UN predicts lower global economic growth for 2022 and 2023
United Nations – The United Nations on Thursday projected lower global economic growth for 2022 and 2023, saying the world faces new waves of COVID-19 infections, persistent labor market challenges, supply chain issues and rising inflationary pressures. has been
The United Nations said that after growing at 5.5% in 2021 – the highest rate of global economic growth in four decades – the world economy is projected to grow by only 4% in 2022 and 3.5% in 2023.
According to the UN World Economic Situation and Prospects 2022 report launched on Thursday, last year’s strong recovery was largely due to consumer spending, some increase in investment and goods that exceeded pre-COVID-19 pandemic levels. was inspired by.
UN Under-Secretary-General for Economic and Social Affairs Liu Genmin pointed to the economic and human toll of the highly permeable omicron version of COVID-19.
Liu said, “Without a coordinated and sustained global approach to contain COVID-19, which includes universal access to vaccines, the pandemic will continue to pose the greatest risk to the inclusive and sustainable recovery of the global economy. “
The report said labor shortages in developed economies are adding to supply chain challenges and inflationary pressures.

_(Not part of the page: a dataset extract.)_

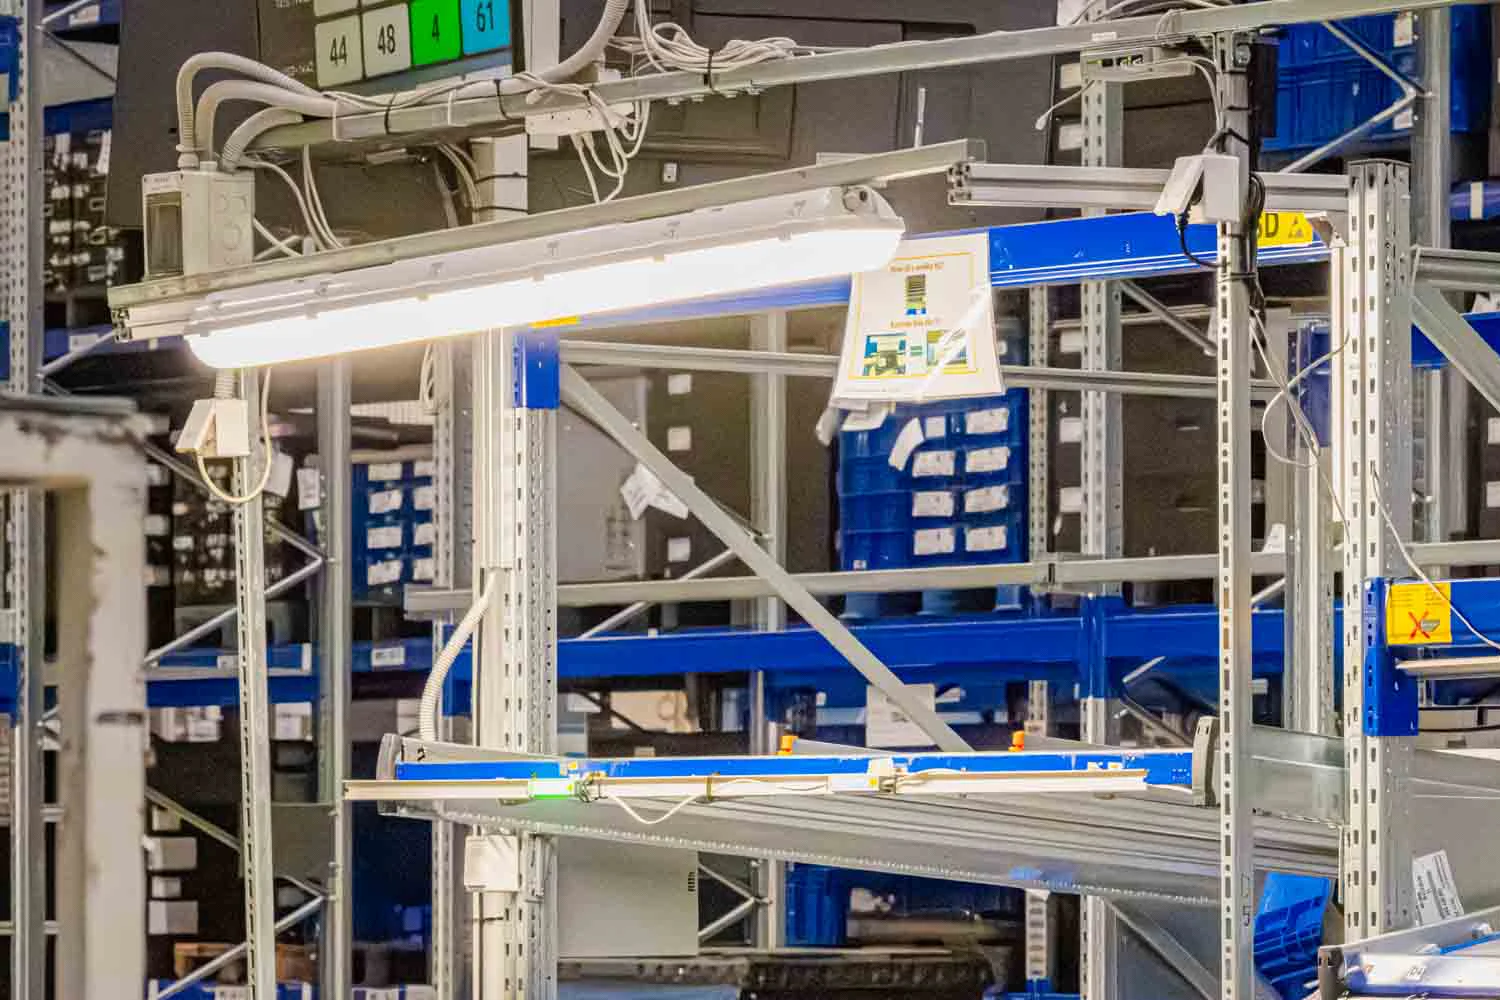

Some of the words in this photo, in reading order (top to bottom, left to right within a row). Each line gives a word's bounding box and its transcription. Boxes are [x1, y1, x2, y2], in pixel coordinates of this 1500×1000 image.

It said growth in most developing countries and economies in transition has been generally weak.
While high commodity prices have helped countries dependent on exports of goods, rising food and energy prices have driven rapid inflation, especially after the breakup of the Soviet Union in 1991 and independent states in Latin America. Constituted in the nine-member Commonwealth. and the Caribbean, the United Nations said.

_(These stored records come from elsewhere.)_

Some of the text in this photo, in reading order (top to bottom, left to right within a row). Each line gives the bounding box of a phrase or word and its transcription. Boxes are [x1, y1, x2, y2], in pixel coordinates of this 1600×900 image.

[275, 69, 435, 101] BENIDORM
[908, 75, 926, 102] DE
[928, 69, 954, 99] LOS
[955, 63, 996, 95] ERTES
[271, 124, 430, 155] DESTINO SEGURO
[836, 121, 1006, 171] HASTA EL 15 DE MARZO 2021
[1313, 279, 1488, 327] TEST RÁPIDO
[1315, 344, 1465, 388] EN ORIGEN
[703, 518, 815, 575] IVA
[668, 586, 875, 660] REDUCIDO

“Recoveries have been particularly slow in economies dependent on tourism, particularly in small island developing states,” it said.
The United Nations forecast is similar to that of the World Bank. Released on Tuesday.
Global financial institutions in 189 countries that provide loans and grants to low- and middle-income countries slashed their forecast for worldwide economic growth to 4.1% this year, up from 4.3% last June went. It attributed the continuing outbreak of COVID-19, lack of government funding and ongoing disruptions to global supply chains.